* WHAT TO DO
Look in the listing below for the line that has "this 1422×1280 image.", then return it and each following line up to and including the one with "this 1800×1200 image.", exactly and without pictures.

* DATASET
◆ ◆ ◆ ◆

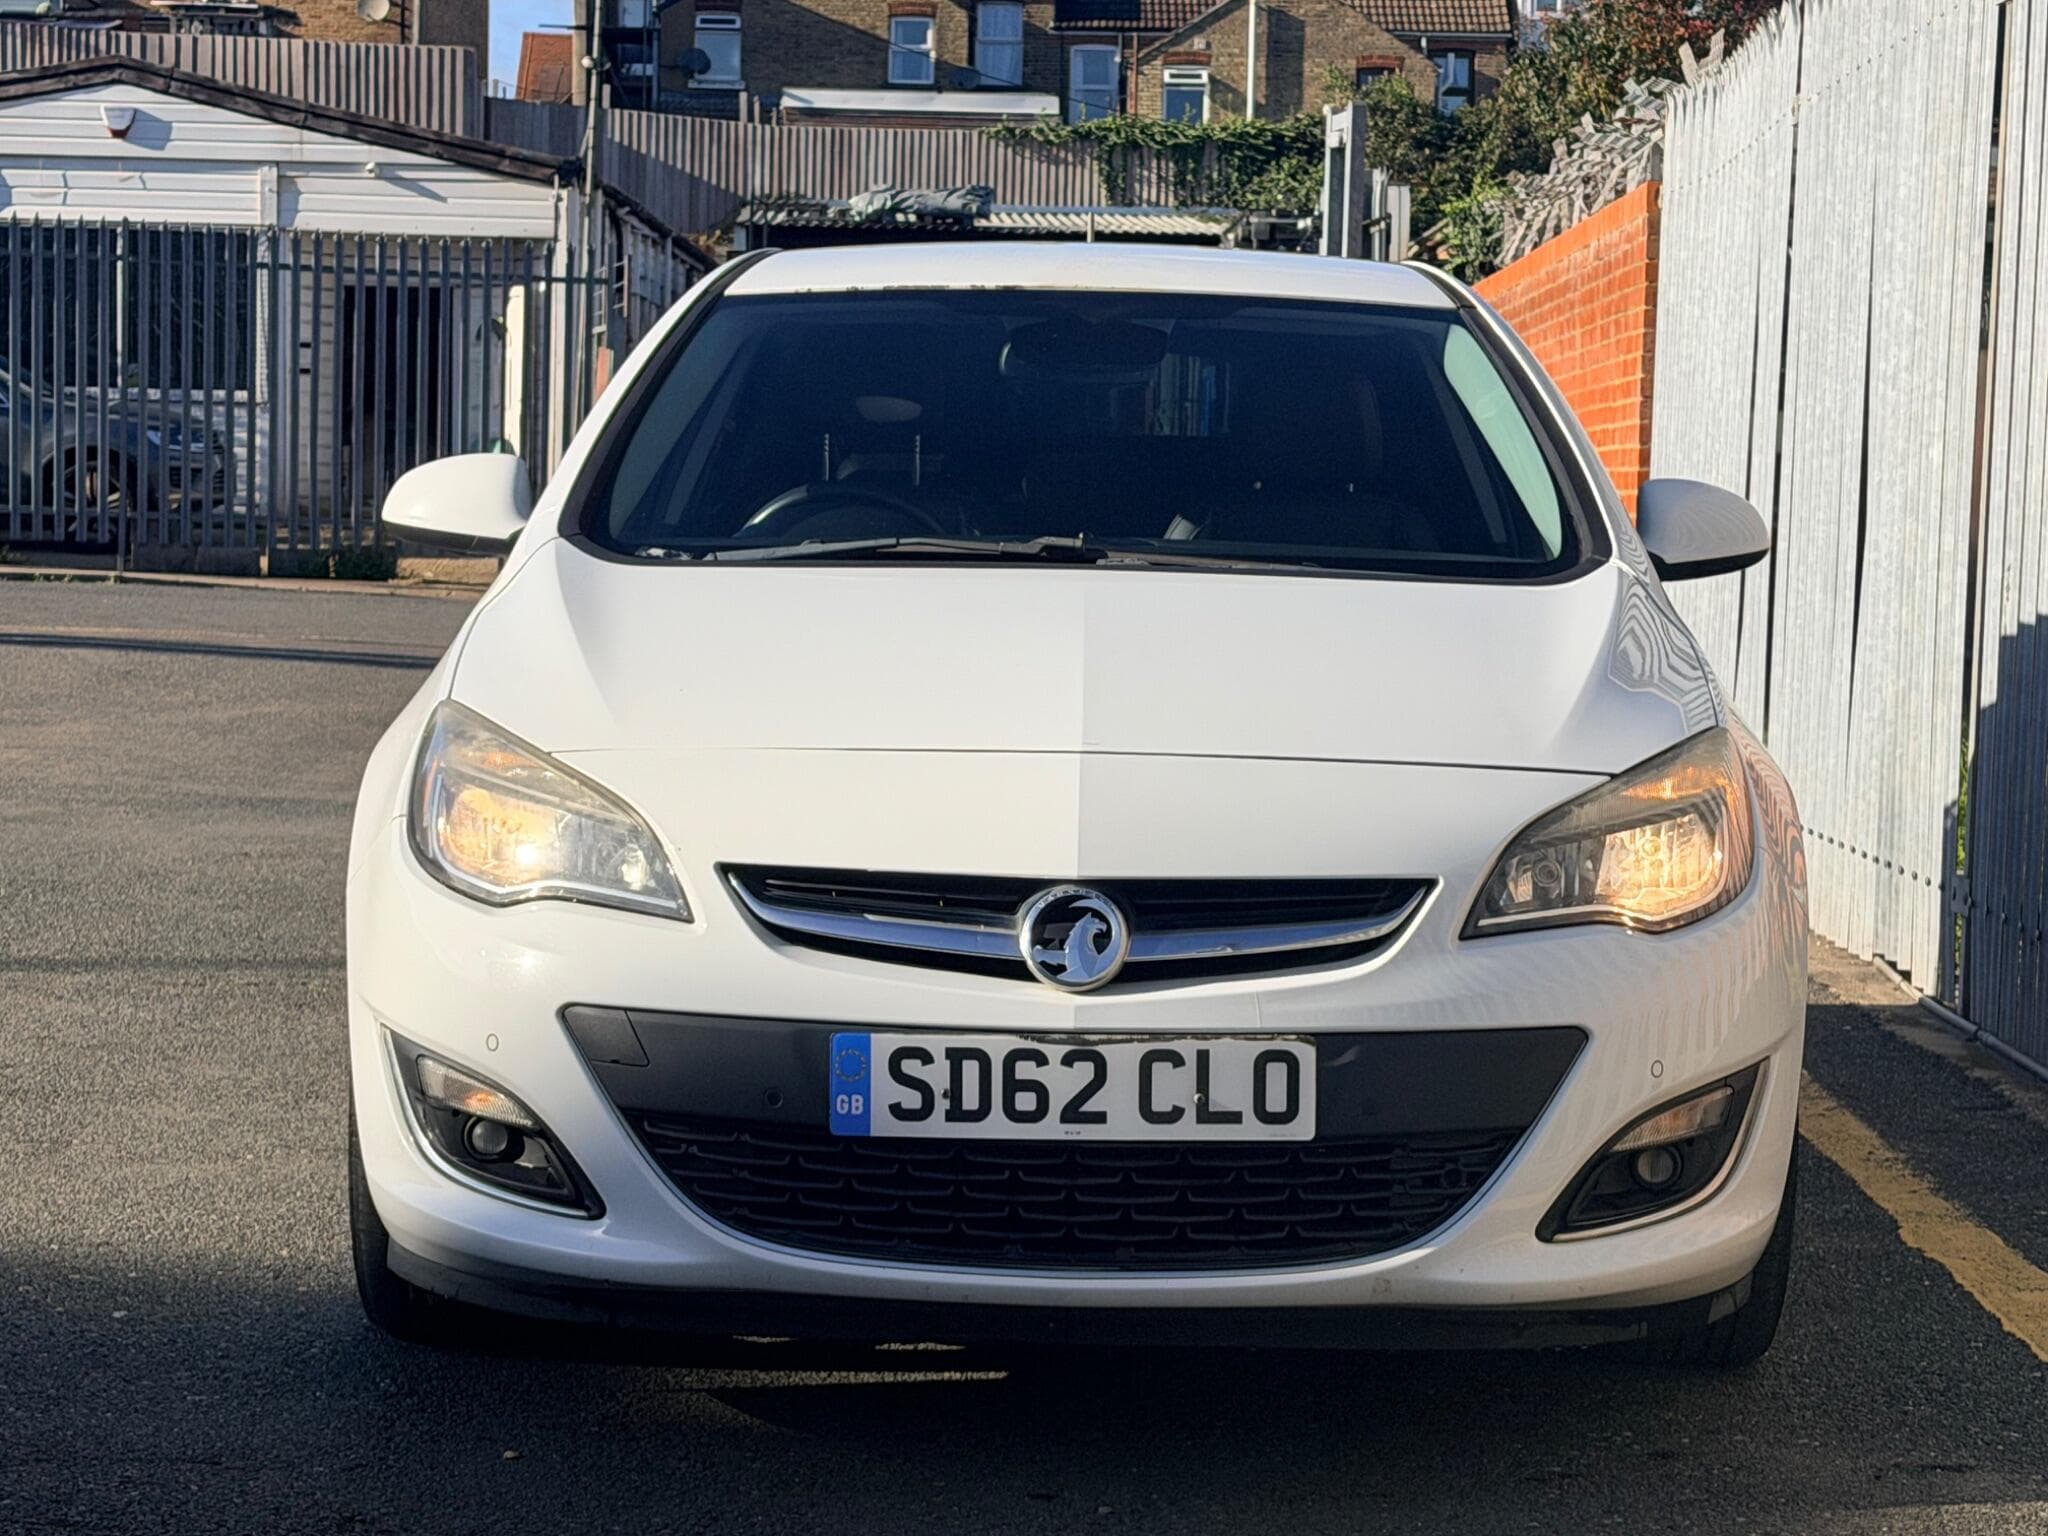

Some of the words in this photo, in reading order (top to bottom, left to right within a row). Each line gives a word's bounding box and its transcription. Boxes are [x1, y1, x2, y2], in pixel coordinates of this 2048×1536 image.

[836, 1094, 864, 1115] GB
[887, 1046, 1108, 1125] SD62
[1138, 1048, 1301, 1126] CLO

◆ ◆ ◆ ◆

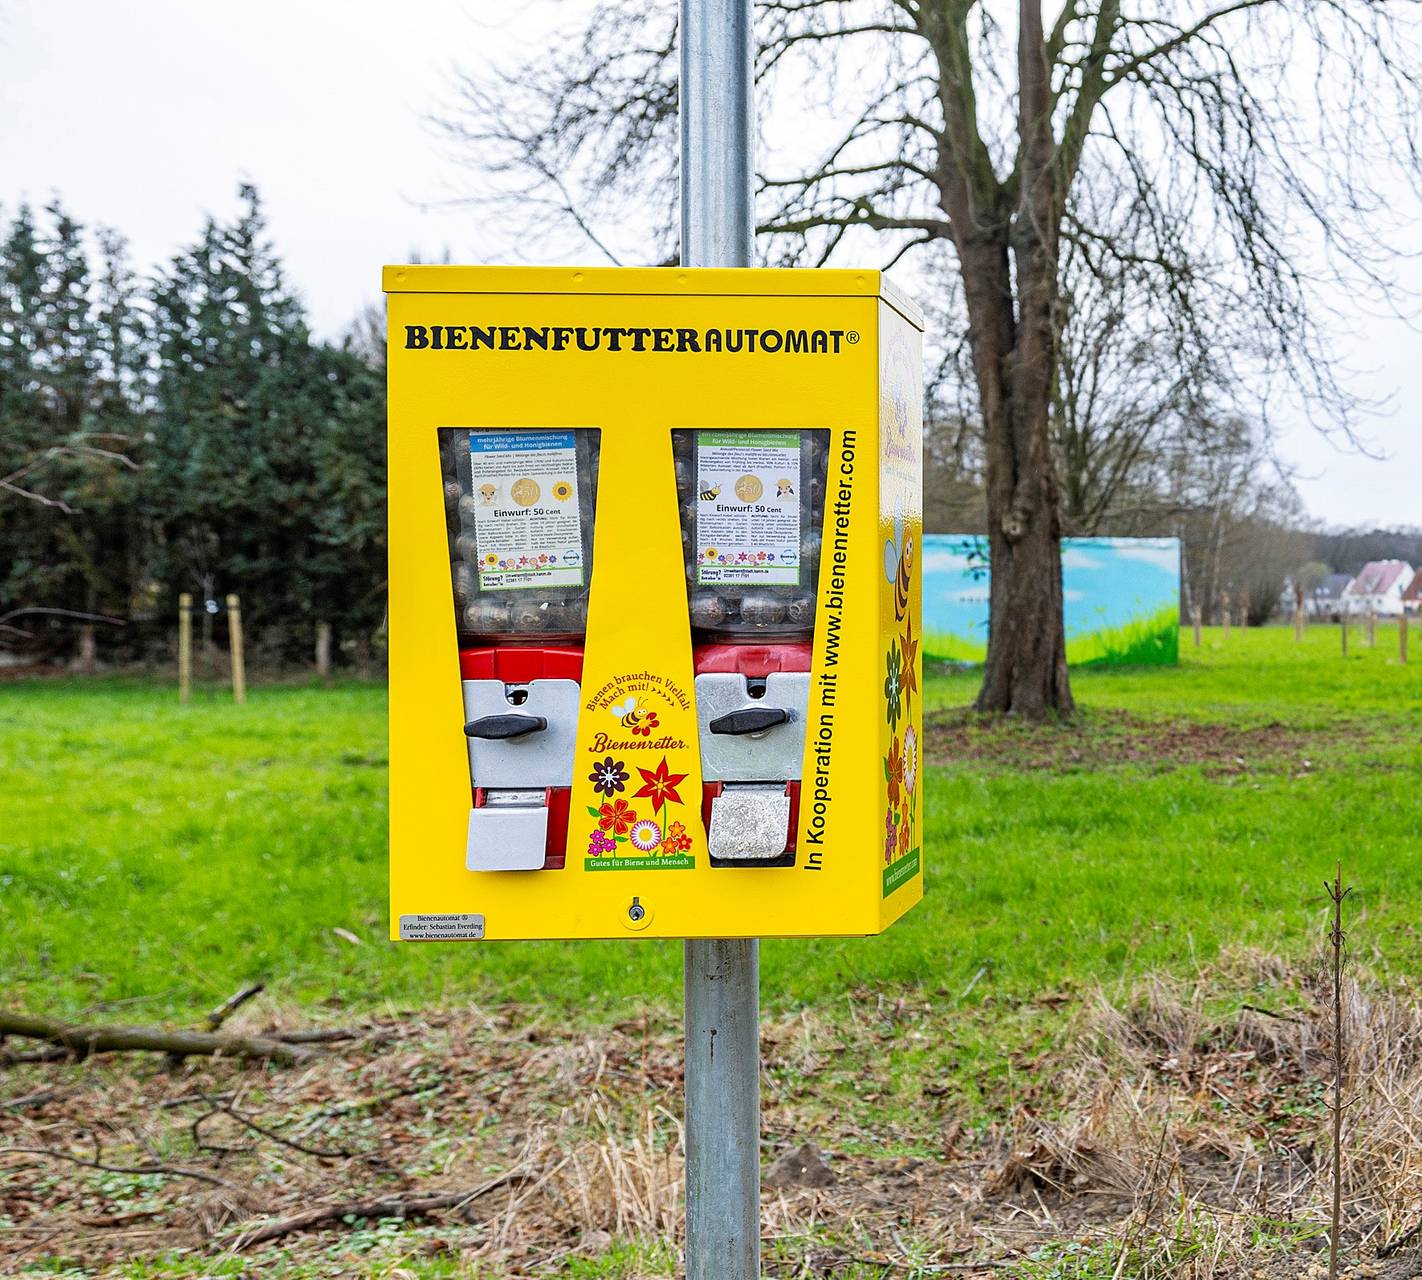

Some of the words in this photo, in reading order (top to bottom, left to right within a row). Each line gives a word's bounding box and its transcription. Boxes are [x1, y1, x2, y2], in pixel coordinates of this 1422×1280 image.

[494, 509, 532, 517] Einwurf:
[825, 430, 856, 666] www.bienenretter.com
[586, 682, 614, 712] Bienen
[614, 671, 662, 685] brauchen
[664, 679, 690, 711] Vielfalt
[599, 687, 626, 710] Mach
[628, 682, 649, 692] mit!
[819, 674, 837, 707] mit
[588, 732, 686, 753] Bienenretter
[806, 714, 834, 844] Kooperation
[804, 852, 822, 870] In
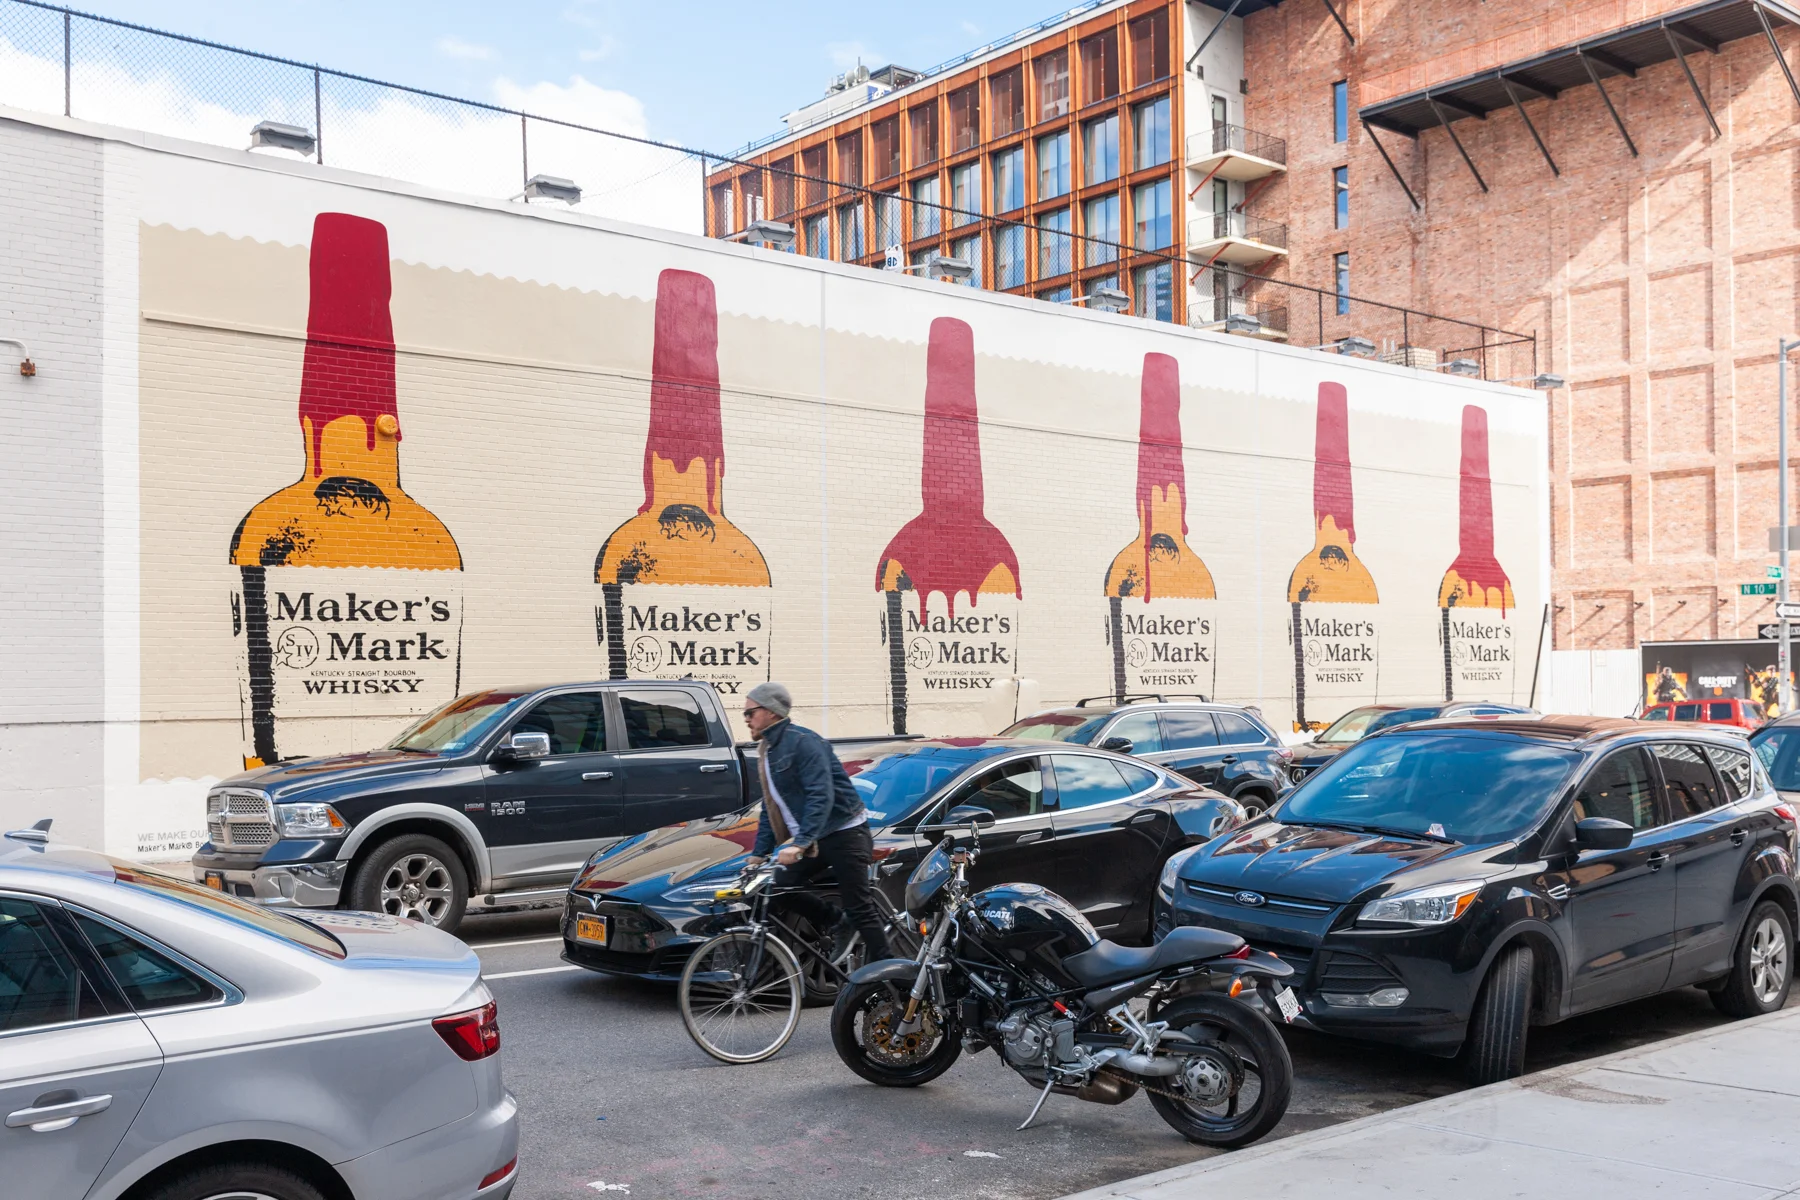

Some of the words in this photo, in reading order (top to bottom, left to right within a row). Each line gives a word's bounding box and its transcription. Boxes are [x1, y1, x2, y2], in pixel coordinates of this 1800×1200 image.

◆ ◆ ◆ ◆

* SOLUTION TO THIS PROBLEM
Some of the words in this photo, in reading order (top to bottom, left to right within a row). Each line gives a word's bounding box and its transcription. Boxes are [x1, y1, x2, y2], in pixel coordinates of this 1422×1280 image.

[494, 509, 532, 517] Einwurf:
[825, 430, 856, 666] www.bienenretter.com
[586, 682, 614, 712] Bienen
[614, 671, 662, 685] brauchen
[664, 679, 690, 711] Vielfalt
[599, 687, 626, 710] Mach
[628, 682, 649, 692] mit!
[819, 674, 837, 707] mit
[588, 732, 686, 753] Bienenretter
[806, 714, 834, 844] Kooperation
[804, 852, 822, 870] In

Some of the words in this photo, in reading order (top to bottom, left to right within a row). Each line gives a word's bounding box and its transcription. Boxes are [x1, y1, x2, y2], in pixel coordinates of this 1800×1200 image.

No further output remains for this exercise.